The midrash continues with examples of wisdom preserving life operationally. Rabbi Yochanan ben Zakkai survived the siege of Jerusalem through clever wordplay. Rabbi Yosei bar Yasin used halakhic knowledge to help his student navigate a difficult situation at sea. Rabbi Meir avoided Roman capture by pretending to eat pig. Bar Kappara used metaphorical language to announce the death of Rabbi Yehuda HaNasi without triggering the townspeople's vow to kill any messenger of the bad news. Each story illustrates that wisdom preserves the life of its possessors not abstractly but through specific deployable capability.

The two passages converge on the same kind of operational claim. Words and wisdom are not commentary on action. They are operational. The fool's words bring down generations. The wise person's words and the supporter's resources preserve lives. The structural symmetry is sharp. The mechanism is the same. The direction differs.
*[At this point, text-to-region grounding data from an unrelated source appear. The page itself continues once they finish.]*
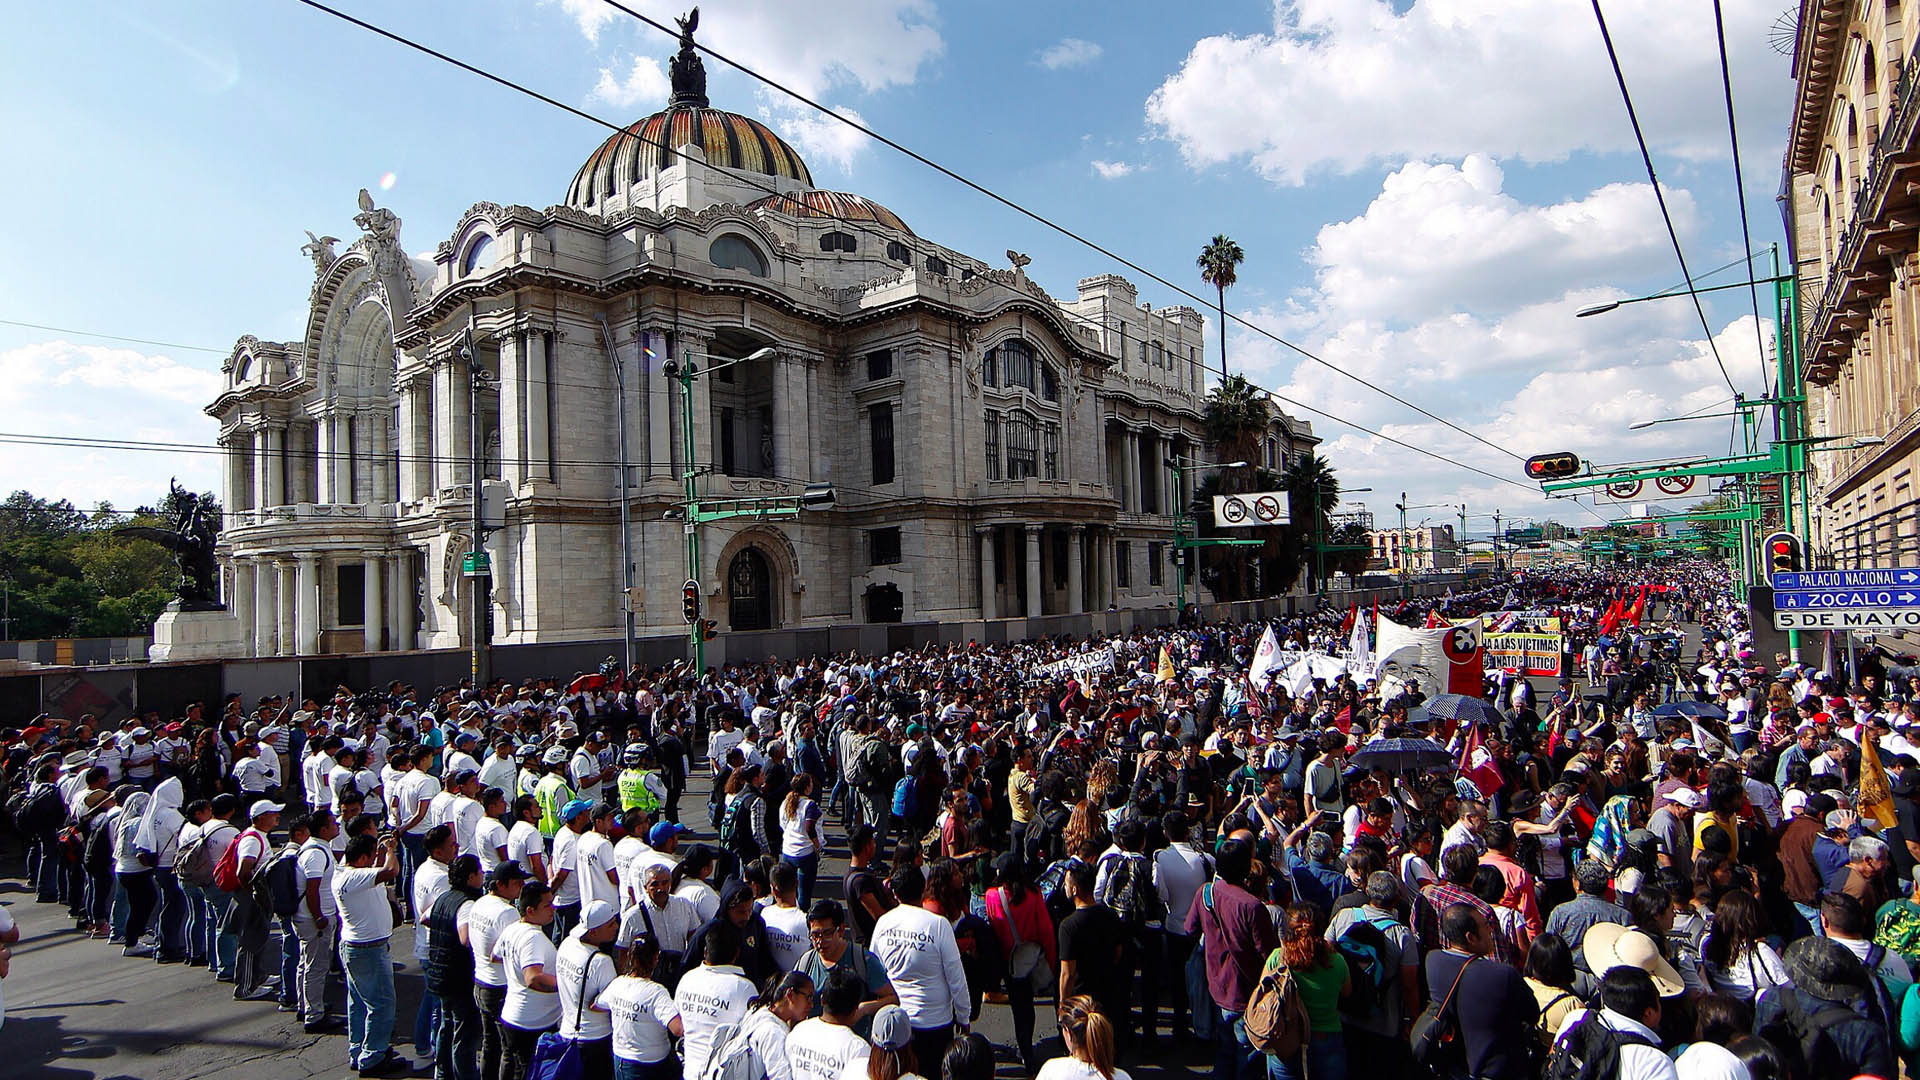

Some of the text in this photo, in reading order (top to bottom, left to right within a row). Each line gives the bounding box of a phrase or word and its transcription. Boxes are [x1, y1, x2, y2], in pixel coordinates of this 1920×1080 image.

[1799, 571, 1897, 587] PALACIO NACIONAL
[1807, 592, 1891, 607] ZOCALO
[1780, 612, 1920, 626] 5 DE MAYO
[1501, 638, 1516, 650] LAS
[1516, 638, 1559, 652] VICTIMAS
[1517, 654, 1556, 670] POLITICO
[903, 940, 926, 951] PAZ
[622, 1011, 638, 1022] PAZ
[682, 1002, 718, 1018] DE PAZ
[796, 1058, 835, 1080] DE PAZ
The midrash teaches that the reader's everyday speech and the reader's everyday support of Torah scholarship are not optional spiritual exercises. They are the operational inputs that produce the outcomes the midrash documents. The pattern that brought down the generation of the Flood is the same pattern that operates in any community whose speech tends toward arrogance. The pattern that elevated Shimon ben Shetach is the same pattern that operates in any community whose support of scholarship is genuine.
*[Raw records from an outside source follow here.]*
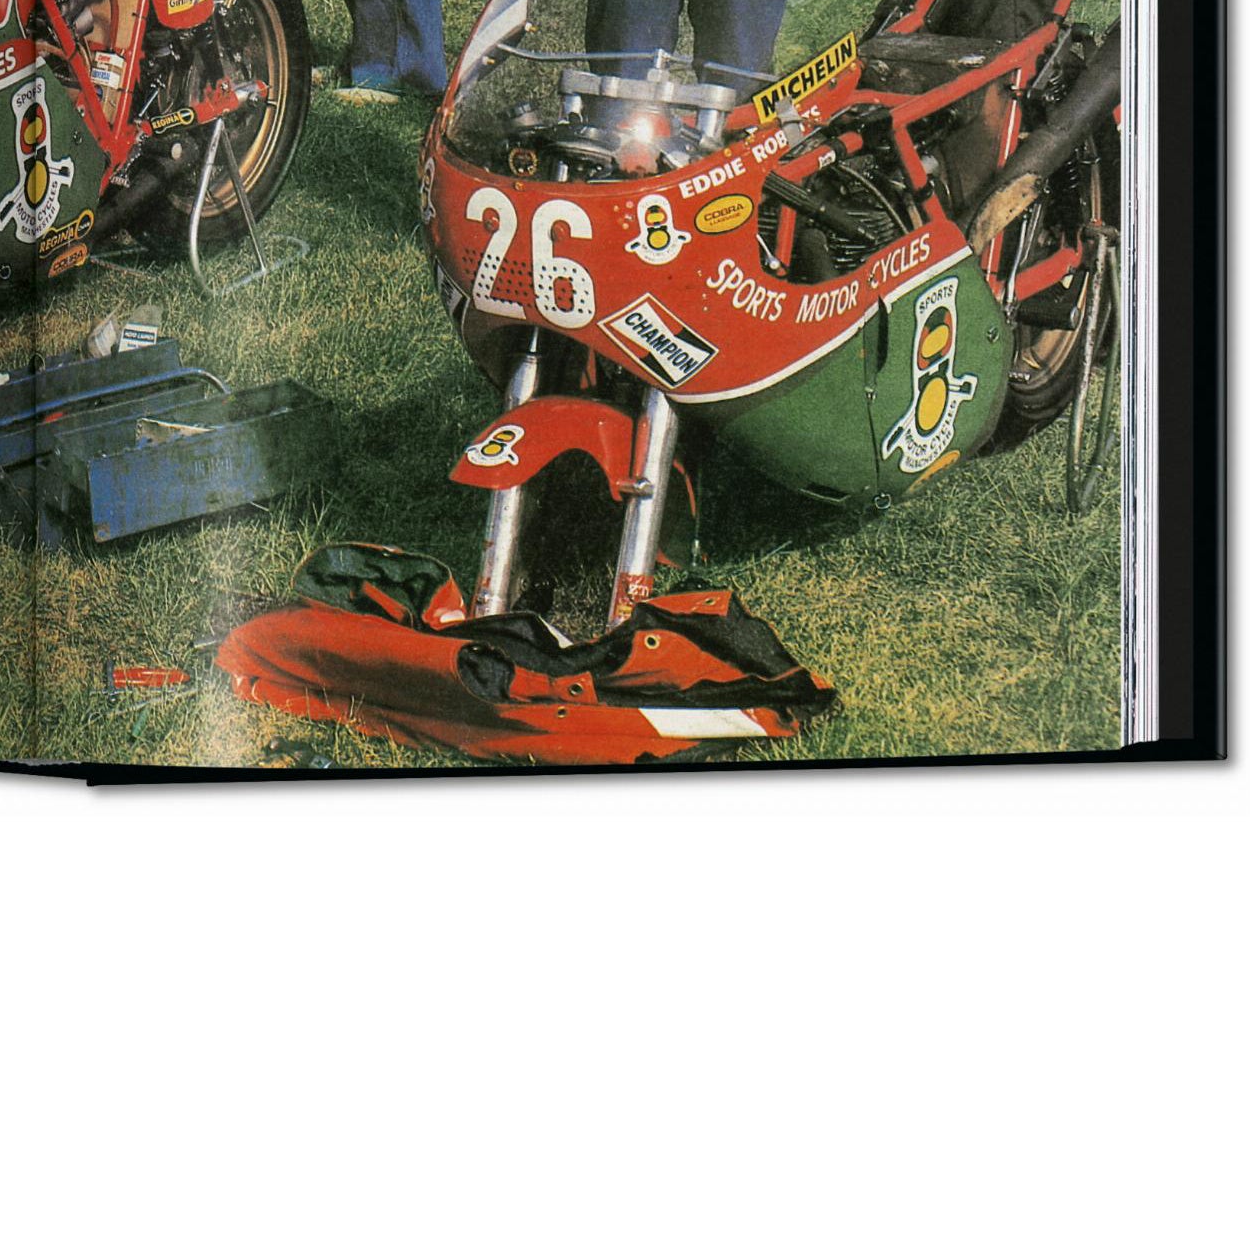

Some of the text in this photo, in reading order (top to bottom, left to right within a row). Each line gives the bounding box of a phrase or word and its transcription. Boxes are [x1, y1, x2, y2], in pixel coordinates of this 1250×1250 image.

[678, 156, 747, 199] EDDIE
[703, 203, 745, 222] COBRA
[38, 225, 76, 255] REGINA
[465, 186, 596, 329] 26
[706, 232, 931, 324] SPORTS MOTOR CYCLES
[918, 283, 954, 314] SPORTS
[624, 311, 698, 375] CHAMPION
What the two passages leave for the reader to hold

The midrash trusts the reader to take both kinds of operational claim seriously. Their words have generational weight. Their support of wisdom has life-preserving weight. The two passages close with a composite image. A catalogue of arrogant utterances from the Flood through Belshazzar that triggered the structural ruin. A line of wisdom from Moses through Shimon ben Shetach to Bar Kappara that preserved life when properly paired with material support. A reader, situated within their own speech and their own giving, asked to align both with the patterns that the midrash documents as life-preserving rather than ruin-triggering.